EXERCISE DESCRIPTION:
Exclude all pictures, then copy each of the records exactly as written.

[Dataset items]
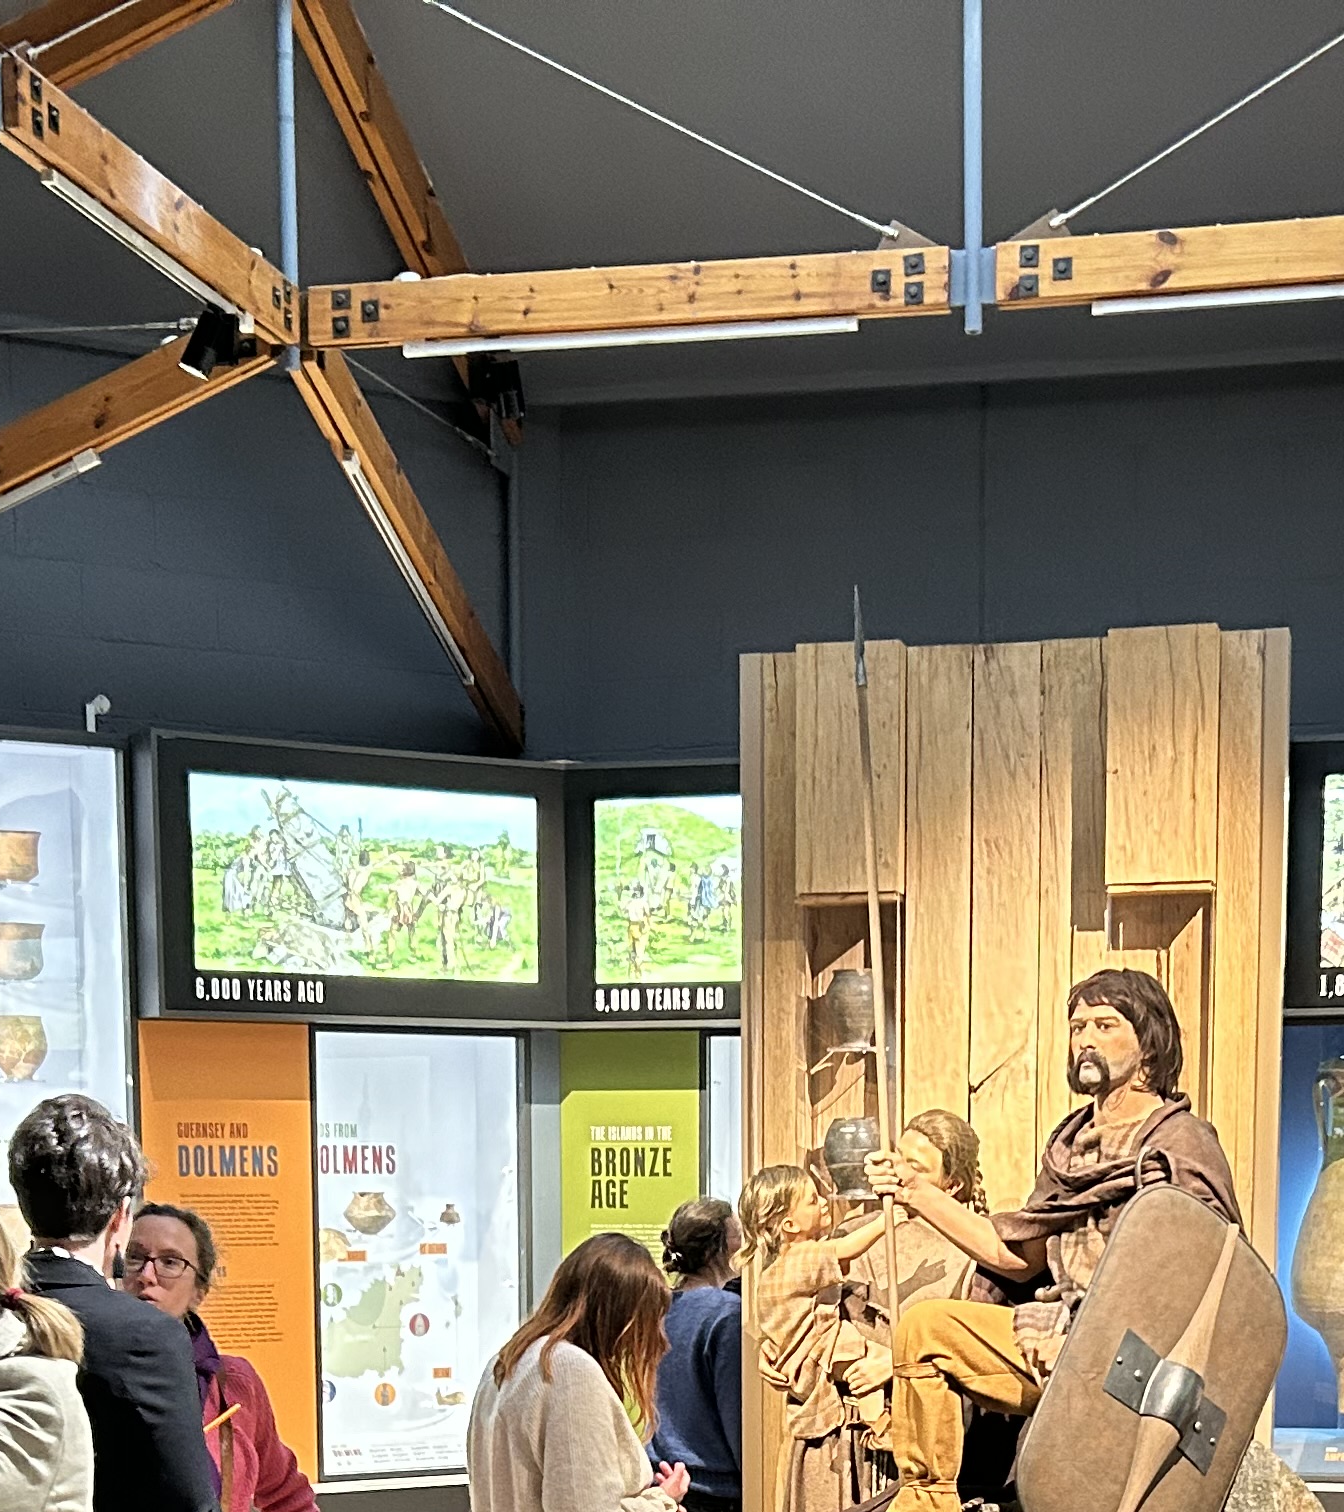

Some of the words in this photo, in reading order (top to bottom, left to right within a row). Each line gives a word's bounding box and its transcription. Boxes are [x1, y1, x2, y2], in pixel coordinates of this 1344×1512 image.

[195, 977, 241, 1001] 6,000
[247, 978, 291, 1003] YEARS
[298, 981, 324, 1003] AGO
[646, 987, 690, 1011] YEARS
[696, 986, 724, 1010] AGO
[176, 1122, 225, 1139] GUERNSEY
[229, 1122, 249, 1139] AND
[334, 1123, 358, 1138] FROM
[177, 1145, 279, 1178] DOLMENS
[320, 1144, 396, 1175] OLMENS
[590, 1147, 672, 1177] BRONZE
[590, 1179, 628, 1209] AGE

FINISHED EXERCISE:
Some of the words in this photo, in reading order (top to bottom, left to right within a row). Each line gives a word's bounding box and its transcription. Boxes are [x1, y1, x2, y2], in pixel coordinates of this 1344×1512 image.

[195, 977, 241, 1001] 6,000
[247, 978, 291, 1003] YEARS
[298, 981, 324, 1003] AGO
[646, 987, 690, 1011] YEARS
[696, 986, 724, 1010] AGO
[176, 1122, 225, 1139] GUERNSEY
[229, 1122, 249, 1139] AND
[334, 1123, 358, 1138] FROM
[177, 1145, 279, 1178] DOLMENS
[320, 1144, 396, 1175] OLMENS
[590, 1147, 672, 1177] BRONZE
[590, 1179, 628, 1209] AGE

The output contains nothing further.